(Publicado en Diario16 el 16 de diciembre de 2022)
“Intentaron parar la democracia con tricornios y hoy lo han intentado con togas”, espetó el portavoz socialista en el Congreso, Felipe Sicilia, tras el golpe institucional que el Partido Popular, Vox y Ciudadanos trataron de dar ayer por la vía judicial. La afirmación, una verdad como un castillo para qué vamos a negarlo, encendió los ánimos de sus señorías de la bancada conservadora y ultra, y el hemiciclo acabó convirtiéndose en una trinchera que ni las de Ucrania. Arrimadas comparó a la presidenta Batet con Carme Forcadell, Cuca Gamarra sacó su estilo más flamenco y hooligan, y el ruido, los insultos e improperios por ambas partes lo invadieron todo. Por un momento la democracia se evaporó de la manera más triste y terrible y volvieron los gañidos y ecos de aquellos oscuros tiempos anteriores a nuestra Guerra Civil, cuando el odio entre los padres de la patria se contagió a todo un pueblo. Vox había conseguido lo que quería: convertir las Cortes Nacionales en un ring, consumar su retorno al pasado y reinstaurar el guerracivilismo más ciego y feroz.
No les gustó a populares, voxistas y naranjas que Sicilia los acusara de sacar a pasear a la Brunete judicial, a sus tenientes coroneles con toga. Por la noche, Pedro Sánchez corroboraba esa tesis, aunque midiendo algo más sus palabras, al denunciar una operación o “complot de la derecha política, judicial y mediática” para, mediante la instrumentalización del Tribunal Constitucional de mayoría conservadora, impedir que el Parlamento apruebe las reformas exprés de los delitos de sedición y malversación y del Poder Judicial. Ya no hay ninguna duda de que eso es precisamente lo que está en marcha en España: una cruenta conspiración de grupos reaccionarios, marcadamente trumpistas, para derribar a un Gobierno de coalición que siempre han considerado ilegítimo por rojo, comunista, podemita y masón. Es decir, fascismo puro y duro.
No le demos ya más vueltas. La derecha española no hizo la Transición como es debido, de modo que cuando se declaran constitucionalistas y demócratas todo eso no es más que postureo, apariencia y ficción. Y no hablamos solo de las fuerzas ultraderechistas que siempre estuvieron ahí, hibernadas, aletargadas, dispuestas a renacer de sus cenizas para continuar con el régimen anterior. El PP ha tenido más de cuatro décadas para rehabilitarse, romper con el padre fundador (un ministro franquista) y homologarse a la derecha más aseada de la Europa civilizada. No lo ha hecho. Y lejos de evolucionar hacia el respeto a las reglas de juego democrático, hacia la condena sin ambages de la dictadura y la aceptación de que la historia fue como fue, no como los ideólogos ultras del revisionismo histórico pretenden reescribirla, el enfermo ha ido a peor hasta el punto de que hoy, ya sin complejos, febriles y subidos al enloquecido tanque de Vox, parecen dispuestos a todo. Hasta llegaron a oponerse a la exhumación de los restos de Franco del Valle de los Caídos. Con eso está todo dicho sobre el nivel democrático de esta gente.
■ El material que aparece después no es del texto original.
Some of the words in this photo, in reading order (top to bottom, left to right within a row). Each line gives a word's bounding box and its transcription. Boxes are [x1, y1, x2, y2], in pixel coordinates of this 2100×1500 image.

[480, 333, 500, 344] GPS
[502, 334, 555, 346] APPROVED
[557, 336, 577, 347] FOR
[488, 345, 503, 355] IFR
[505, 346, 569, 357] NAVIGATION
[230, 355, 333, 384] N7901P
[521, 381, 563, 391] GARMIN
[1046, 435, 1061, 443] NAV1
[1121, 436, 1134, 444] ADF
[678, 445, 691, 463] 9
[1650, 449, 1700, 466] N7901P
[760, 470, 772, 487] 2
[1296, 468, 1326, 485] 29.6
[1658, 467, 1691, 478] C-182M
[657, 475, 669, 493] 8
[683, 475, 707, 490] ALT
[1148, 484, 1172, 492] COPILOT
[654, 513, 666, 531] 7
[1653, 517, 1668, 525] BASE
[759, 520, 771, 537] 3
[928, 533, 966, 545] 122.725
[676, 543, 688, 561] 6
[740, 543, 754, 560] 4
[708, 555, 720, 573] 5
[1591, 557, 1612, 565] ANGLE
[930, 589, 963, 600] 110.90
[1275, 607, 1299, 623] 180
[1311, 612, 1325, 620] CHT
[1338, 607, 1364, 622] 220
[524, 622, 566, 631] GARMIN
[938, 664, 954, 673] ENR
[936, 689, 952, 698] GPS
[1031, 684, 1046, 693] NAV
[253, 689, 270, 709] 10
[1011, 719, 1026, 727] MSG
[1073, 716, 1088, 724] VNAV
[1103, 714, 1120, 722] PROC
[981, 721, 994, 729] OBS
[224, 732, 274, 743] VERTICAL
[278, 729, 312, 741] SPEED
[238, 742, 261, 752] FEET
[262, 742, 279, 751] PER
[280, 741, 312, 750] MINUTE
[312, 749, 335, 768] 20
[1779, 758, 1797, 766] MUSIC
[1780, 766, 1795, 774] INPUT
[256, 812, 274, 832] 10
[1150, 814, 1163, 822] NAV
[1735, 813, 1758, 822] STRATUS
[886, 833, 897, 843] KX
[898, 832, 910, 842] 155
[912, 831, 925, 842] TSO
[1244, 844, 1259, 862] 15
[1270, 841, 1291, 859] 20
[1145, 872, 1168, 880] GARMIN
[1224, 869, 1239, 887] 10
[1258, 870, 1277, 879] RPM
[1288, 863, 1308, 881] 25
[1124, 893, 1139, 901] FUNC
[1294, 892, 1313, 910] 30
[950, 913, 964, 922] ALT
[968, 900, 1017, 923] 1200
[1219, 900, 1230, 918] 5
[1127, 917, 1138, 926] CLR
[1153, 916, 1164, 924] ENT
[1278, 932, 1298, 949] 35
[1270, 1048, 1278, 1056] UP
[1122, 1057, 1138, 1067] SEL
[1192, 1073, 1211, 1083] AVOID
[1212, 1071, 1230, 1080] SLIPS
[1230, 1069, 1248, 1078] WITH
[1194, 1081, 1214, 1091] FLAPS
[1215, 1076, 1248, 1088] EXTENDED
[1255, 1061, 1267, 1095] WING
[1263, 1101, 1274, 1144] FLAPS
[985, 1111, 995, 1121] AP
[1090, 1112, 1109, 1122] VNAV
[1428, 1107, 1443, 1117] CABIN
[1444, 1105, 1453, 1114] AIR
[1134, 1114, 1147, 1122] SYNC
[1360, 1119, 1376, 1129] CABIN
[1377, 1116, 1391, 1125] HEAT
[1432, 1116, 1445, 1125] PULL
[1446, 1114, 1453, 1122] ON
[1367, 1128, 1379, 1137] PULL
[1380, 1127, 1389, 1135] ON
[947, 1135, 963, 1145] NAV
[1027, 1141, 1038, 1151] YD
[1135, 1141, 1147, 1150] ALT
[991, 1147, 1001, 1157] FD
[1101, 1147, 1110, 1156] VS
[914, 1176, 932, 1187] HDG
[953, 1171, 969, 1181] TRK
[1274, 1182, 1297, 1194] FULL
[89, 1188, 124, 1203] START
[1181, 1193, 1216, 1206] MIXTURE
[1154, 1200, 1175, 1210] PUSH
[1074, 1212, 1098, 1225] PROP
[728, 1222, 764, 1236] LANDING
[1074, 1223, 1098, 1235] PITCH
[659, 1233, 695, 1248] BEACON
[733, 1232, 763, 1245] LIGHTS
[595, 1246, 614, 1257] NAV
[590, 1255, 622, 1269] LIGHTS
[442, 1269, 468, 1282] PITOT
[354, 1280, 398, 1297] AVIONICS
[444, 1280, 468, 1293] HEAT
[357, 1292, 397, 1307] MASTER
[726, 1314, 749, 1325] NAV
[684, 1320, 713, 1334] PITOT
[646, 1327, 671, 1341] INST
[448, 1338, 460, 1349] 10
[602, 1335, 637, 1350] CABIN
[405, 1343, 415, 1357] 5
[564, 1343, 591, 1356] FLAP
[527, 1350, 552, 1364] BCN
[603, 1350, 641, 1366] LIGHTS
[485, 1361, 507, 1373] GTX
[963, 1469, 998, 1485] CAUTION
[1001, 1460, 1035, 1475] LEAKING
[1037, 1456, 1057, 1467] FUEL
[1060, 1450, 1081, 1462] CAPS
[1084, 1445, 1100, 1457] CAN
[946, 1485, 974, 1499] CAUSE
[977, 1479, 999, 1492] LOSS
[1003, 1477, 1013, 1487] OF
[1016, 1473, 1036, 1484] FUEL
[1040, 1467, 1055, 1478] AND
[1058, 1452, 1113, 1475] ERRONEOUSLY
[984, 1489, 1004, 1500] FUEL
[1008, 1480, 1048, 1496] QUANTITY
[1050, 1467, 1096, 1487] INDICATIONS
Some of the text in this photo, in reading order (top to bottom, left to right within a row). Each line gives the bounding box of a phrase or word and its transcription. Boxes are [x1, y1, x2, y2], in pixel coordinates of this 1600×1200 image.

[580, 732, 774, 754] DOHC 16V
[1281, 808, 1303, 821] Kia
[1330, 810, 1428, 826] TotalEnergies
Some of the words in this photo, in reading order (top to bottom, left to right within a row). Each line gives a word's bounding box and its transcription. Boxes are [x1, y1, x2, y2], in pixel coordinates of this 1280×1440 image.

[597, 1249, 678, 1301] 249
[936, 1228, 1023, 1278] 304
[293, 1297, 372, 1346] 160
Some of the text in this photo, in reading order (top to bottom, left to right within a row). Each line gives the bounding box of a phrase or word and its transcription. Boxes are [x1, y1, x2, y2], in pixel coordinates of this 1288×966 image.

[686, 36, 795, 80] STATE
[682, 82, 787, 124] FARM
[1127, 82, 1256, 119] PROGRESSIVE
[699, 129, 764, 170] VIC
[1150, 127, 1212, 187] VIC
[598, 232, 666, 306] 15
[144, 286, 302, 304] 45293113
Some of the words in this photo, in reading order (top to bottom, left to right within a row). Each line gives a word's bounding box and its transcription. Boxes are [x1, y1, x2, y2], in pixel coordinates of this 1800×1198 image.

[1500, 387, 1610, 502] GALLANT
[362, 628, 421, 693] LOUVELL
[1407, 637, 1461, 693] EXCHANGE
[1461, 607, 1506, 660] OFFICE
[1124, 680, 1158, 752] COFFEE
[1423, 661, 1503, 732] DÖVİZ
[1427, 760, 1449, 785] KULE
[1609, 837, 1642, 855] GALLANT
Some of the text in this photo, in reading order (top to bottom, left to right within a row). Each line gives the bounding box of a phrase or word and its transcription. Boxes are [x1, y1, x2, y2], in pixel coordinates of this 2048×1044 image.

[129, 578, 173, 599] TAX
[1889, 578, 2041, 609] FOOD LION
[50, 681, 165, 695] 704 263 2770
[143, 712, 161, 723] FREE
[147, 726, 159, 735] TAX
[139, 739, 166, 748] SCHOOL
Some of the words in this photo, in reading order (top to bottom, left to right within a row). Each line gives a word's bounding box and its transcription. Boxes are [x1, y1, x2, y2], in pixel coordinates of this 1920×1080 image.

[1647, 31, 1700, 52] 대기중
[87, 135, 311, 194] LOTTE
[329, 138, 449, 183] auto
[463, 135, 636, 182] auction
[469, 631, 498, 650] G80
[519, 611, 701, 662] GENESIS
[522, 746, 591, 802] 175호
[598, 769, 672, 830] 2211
Lo que se vivió ayer en el Congreso, quizá la página más desoladora desde que se instauró el régimen del 78, fue la etapa terminal de una enfermedad degenerativa. Desde que Mariano Rajoy fue descabalgado del poder en una moción de censura tan impecable desde el punto de vista moral (el hedor a corrupción ya no podía aguantarse por más tiempo) como ajustada al reglamento parlamentario, los populares no han reconocido la legitimidad del Gobierno de coalición. Ese resentimiento quedó ahí, enquistado, y más tarde lo llevaron hasta las propias urnas, donde perdieron claramente frente a las izquierdas. Debieron haber aceptado la derrota con deportividad y espíritu democrático, asumiendo que los españoles los enviaban a la oposición para que hicieran la reflexión pertinente en la silla de pensar. Tampoco lo hicieron, es más, a día de hoy siguen negando las sentencias judiciales que condenan al partido a título lucrativo como responsable último de la corrupción de aquellos años. A partir de ahí se echaron al monte con todas las consecuencias y saltándose todas las líneas rojas. Pablo Casado entró en una espiral delirante para tratar de derribar al Gobierno que, como decimos, siempre consideró ilegítimo. Se negó a colaborar en la superación de la pandemia, dando la espalda al Ejecutivo y lo que es todavía peor, a su propio país que pedía a gritos unidad en horas dramáticas; intrigó para que la Unión Europea retirara los fondos de ayuda a España; y bloqueó la renovación de los altos cargos del Poder Judicial (a día de hoy Feijóo sigue por esa misma senda enloquecida).